Pet Hates of The Month

Stuff that pisses us off, Cartman style


INDIE

Fairground People Who Keep Spinning You on The Waltzers.

Just because two attractive girls get on, it doesn’t mean you have to spin their carriage at warp speed to impress them.  Having their faces pressed back that way by gravity is not the way to a girls heart, trust me boys.  We will not fall in love with you when we get as dizzy as fuck.

Moving.

It’s that time of year again when I have to start being nice to all those people I know who have vans.

Lilies.

Pretty flowers.  Badass staining pollen.  Orangey yellow streaky pollen marks do not go with anything, trust me.

 

People Who Sit Behind You At Work And Look At Your Screen All Day.

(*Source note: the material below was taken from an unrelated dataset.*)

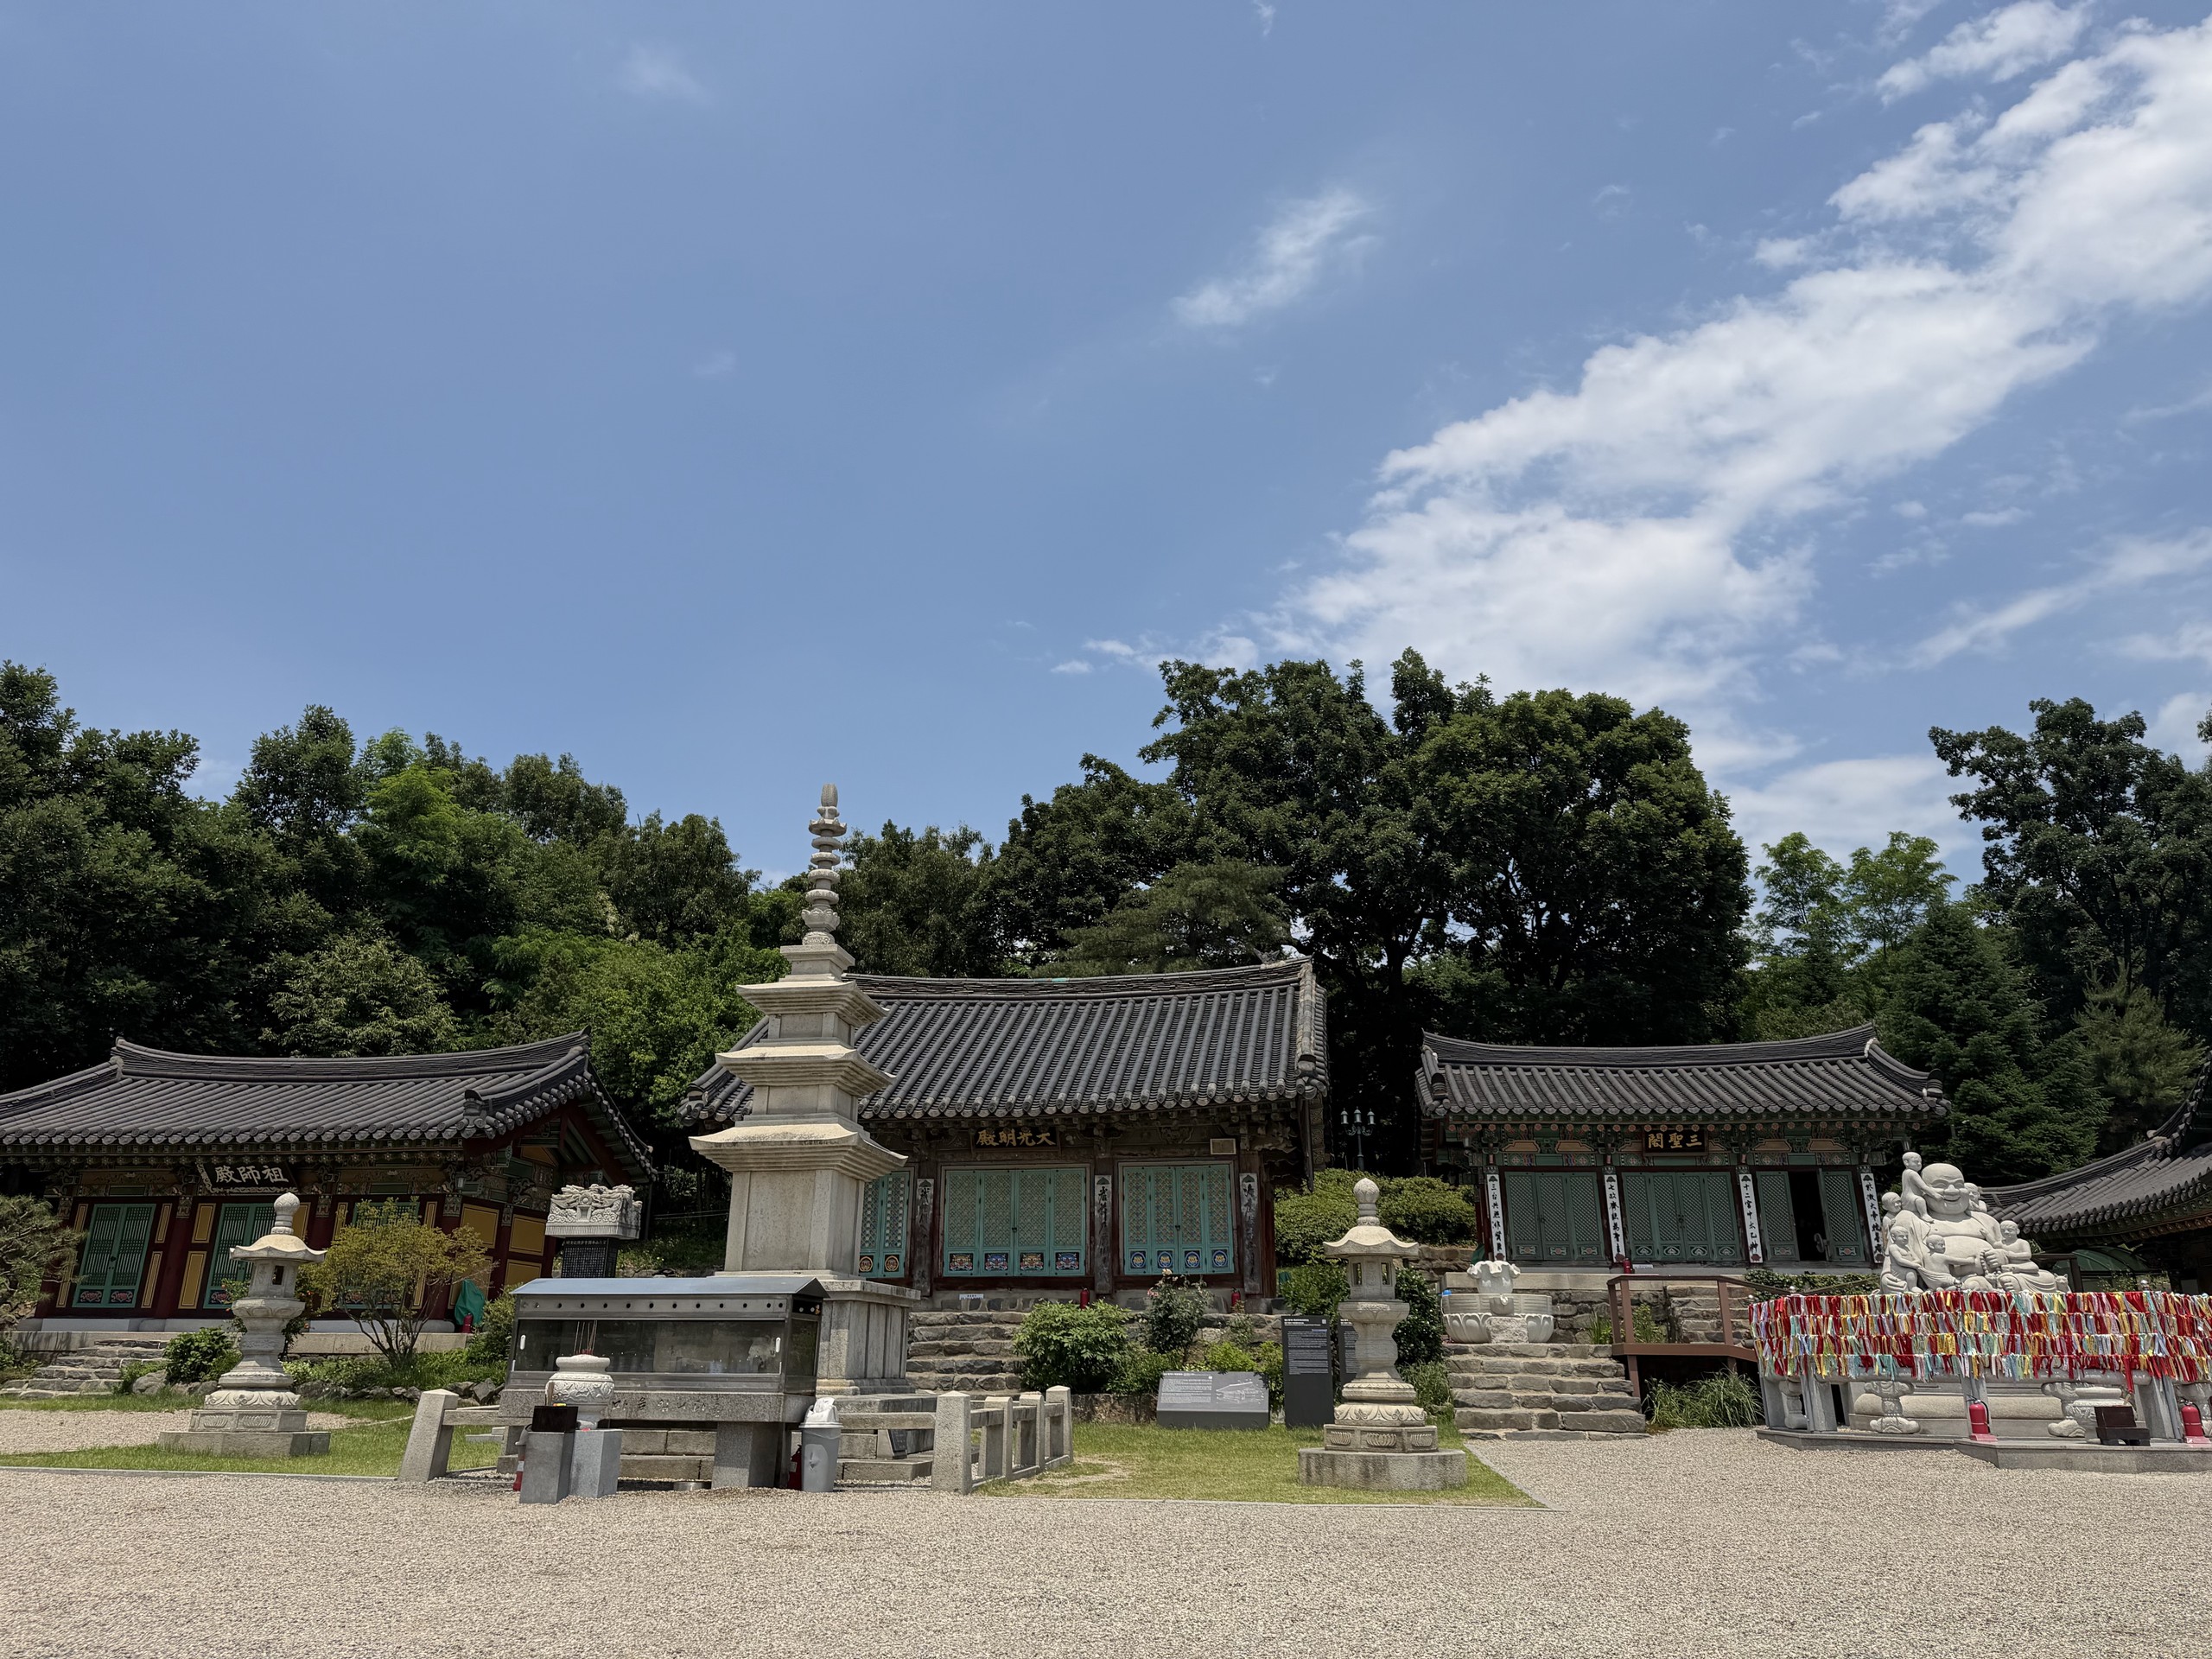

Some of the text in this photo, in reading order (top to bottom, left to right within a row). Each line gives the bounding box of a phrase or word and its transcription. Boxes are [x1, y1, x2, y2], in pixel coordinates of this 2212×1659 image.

[976, 1128, 1056, 1147] 大光明殿
[1648, 1133, 1702, 1149] 三聖閣
[215, 1165, 289, 1185] 祖師殿

I hate hate hate this.  Because it means I have to do proper work and can’t mess about on the Internet like I should be.  Goddamn it, when will people realise that I do not come into work to do WORK?  I come here for the free coffee and drinks and stationery, to make long distance phone calls and to abuse the Internet connection and make use of all this software.

BLANCO

Baseball Caps.

Because they are fugly, functionality should be no forfeit with fashion.

People Who Don’t Say Please or Thank You.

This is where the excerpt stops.